Israel Tries to Clean Up
Its Image
Though most
Americans don’t realize this because both the U.S. government and media have
generally been cheerleaders for Israel — indeed, Israeli media contain more
criticism of Israeli’s policies towards the Palestinians, including the
occupation and settlement of the West Bank, than U.S. media — in the rest of
the world “Israel’s image is not good,” Giordano said.

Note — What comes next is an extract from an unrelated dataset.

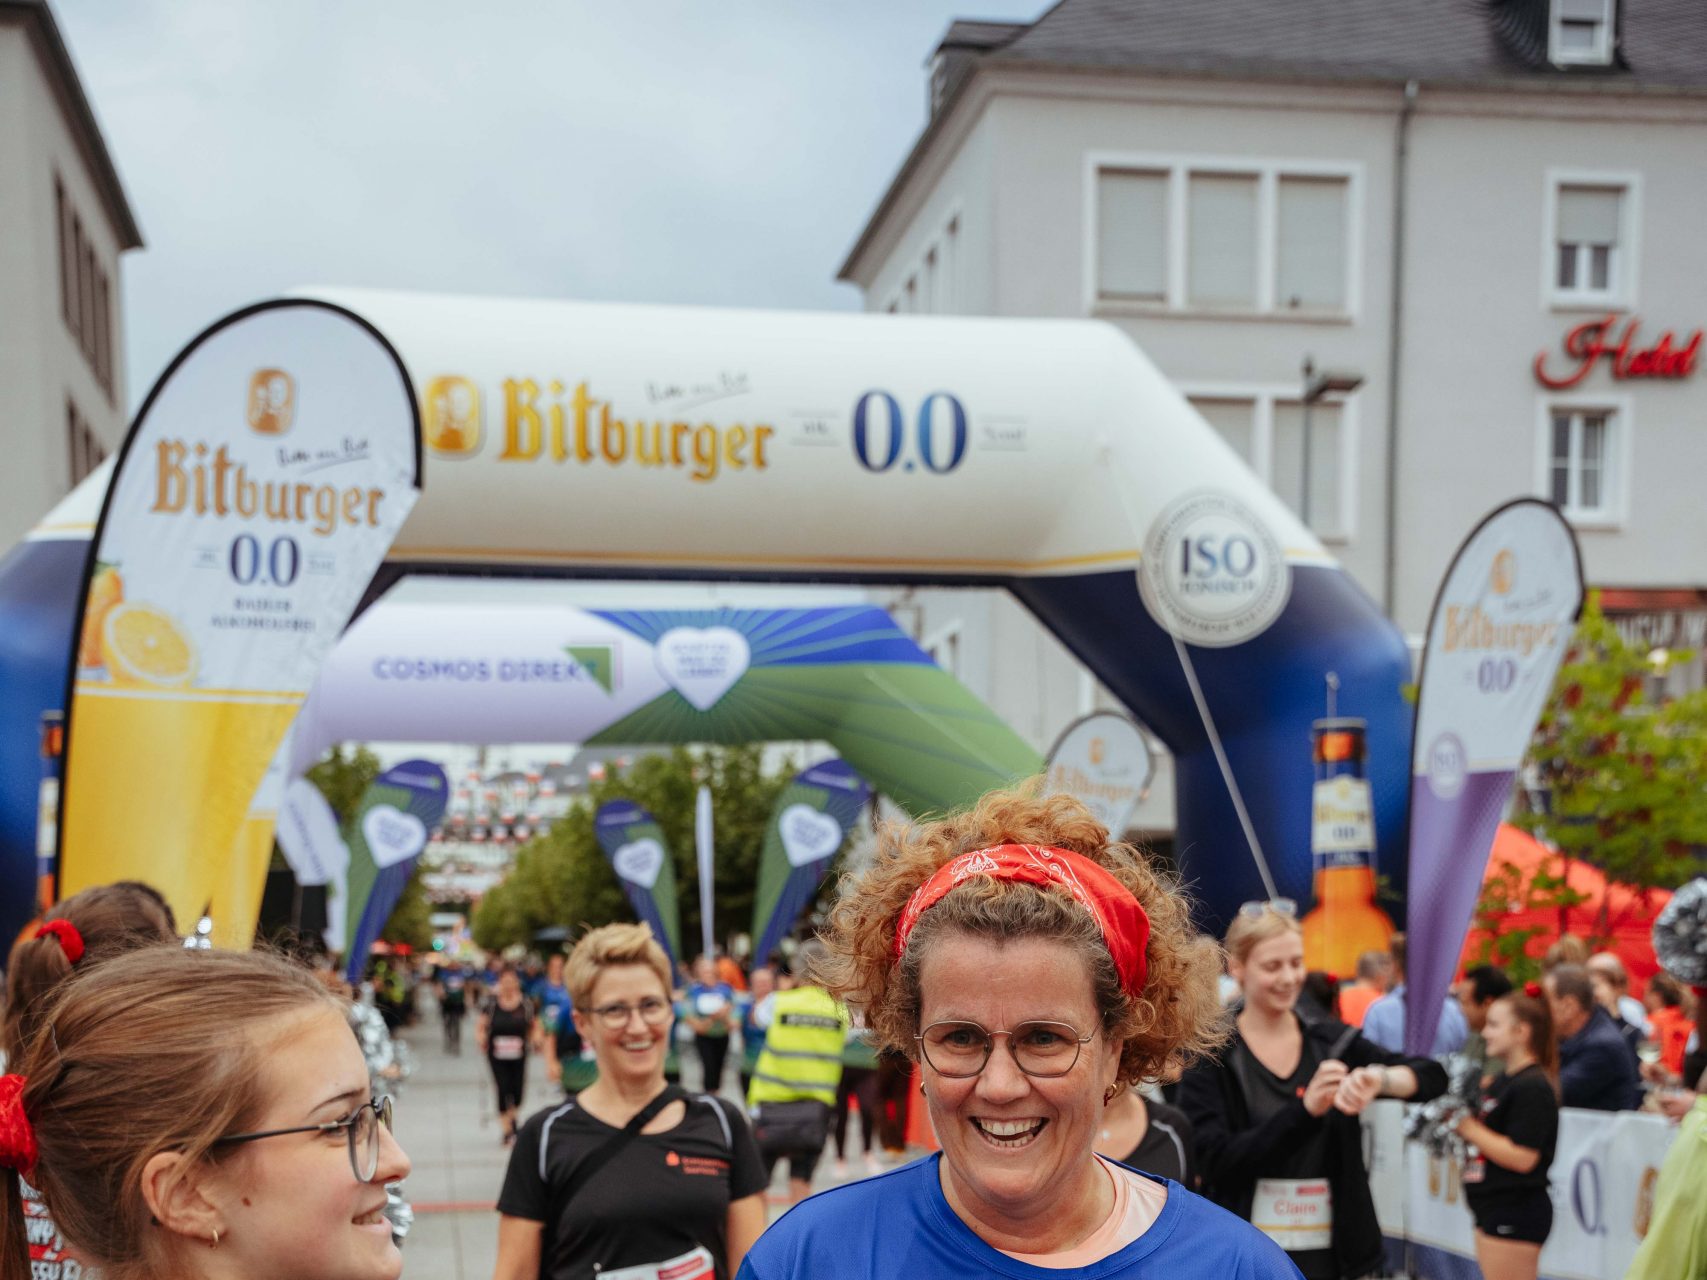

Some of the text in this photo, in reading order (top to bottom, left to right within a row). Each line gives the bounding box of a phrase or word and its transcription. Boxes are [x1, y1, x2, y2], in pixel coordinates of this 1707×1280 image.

Israel has been working
on its international image since 1948, she explained. “There have been
different stories about how you can claim domination over a land,” Giordano
said. “You don’t generally say you’re occupying another country to hurt their
people.” Instead, she argued, Israel’s flacks currently call their country “the
only democracy in the Middle East” and “a more progressive country” than its
Arab neighbors.
Giordano
identified three components of Israel’s outreach towards Queers: “tourism,
culture, and Gay rights and activism.” The tourist component, she said, has
mostly been focused on “Gay male tourists from Europe,” with an ad campaign
that basically sells Israel as a venue for sex tourism. The Israelis have also
started including Jewish Queers in their long-standing policy of offering young
Jews from other countries, particularly student activists and community
leaders, all-expenses-paid trips to Israel in hopes that when they return
they’ll talk up their experiences to their friends and promote Israel as a
wonderful country. “Unintentionally, well-meaning LGBT [Queer] groups are
convinced to get with Israel,” Giordano said. “There are lots of different Gay
tourist sites in Israel.”
On the cultural
front, Giordano noted, Israel mounted a major outreach to the Queer community
in 2010, when it sponsored an “Out in Israel LGBT Culture Festival” and an
“Israeli Pride Month.” They also bought a major sponsorship in the Frameline
Queer film festival with the understanding that Frameline would respond by
showcasing films with positive depictions of Queer life in Israel. “It’s for
the U.S., not for their own Gay citizens,” Giordano explained. “They’re taking
out ads in San Francisco trying to promote how Gay-friendly they are.”
According to Giordano, Queer-friendly countries like the Netherlands and Sweden
don’t feel they have to do that kind of marketing to American Queers — but
Israel does.
Giordano also
mentioned the role of pornography — and one pornographer in particular — in
promoting Israel to U.S. Gay men as a sex-tourist destination. “Michael Lucas
produces porn and is very rich,” she explained. “He’s not Israeli — I believe
he was born in Russia — but he’s taken it upon himself to promote Israel as a
sexually free land for Gay men. During Israel’s war with Lebanon he did a
USO-style live sex show in Tel Aviv with free admission for soldiers. In 2009
he filmed Men of Israel, with scenes set
in the ruins of Palestinians’ homes depopulated during the Nakba. His latest project is Israel Undressed, trying to show Israel as a Gay-friendly destination.
He’s out as being very anti-Arab and anti-Islam.”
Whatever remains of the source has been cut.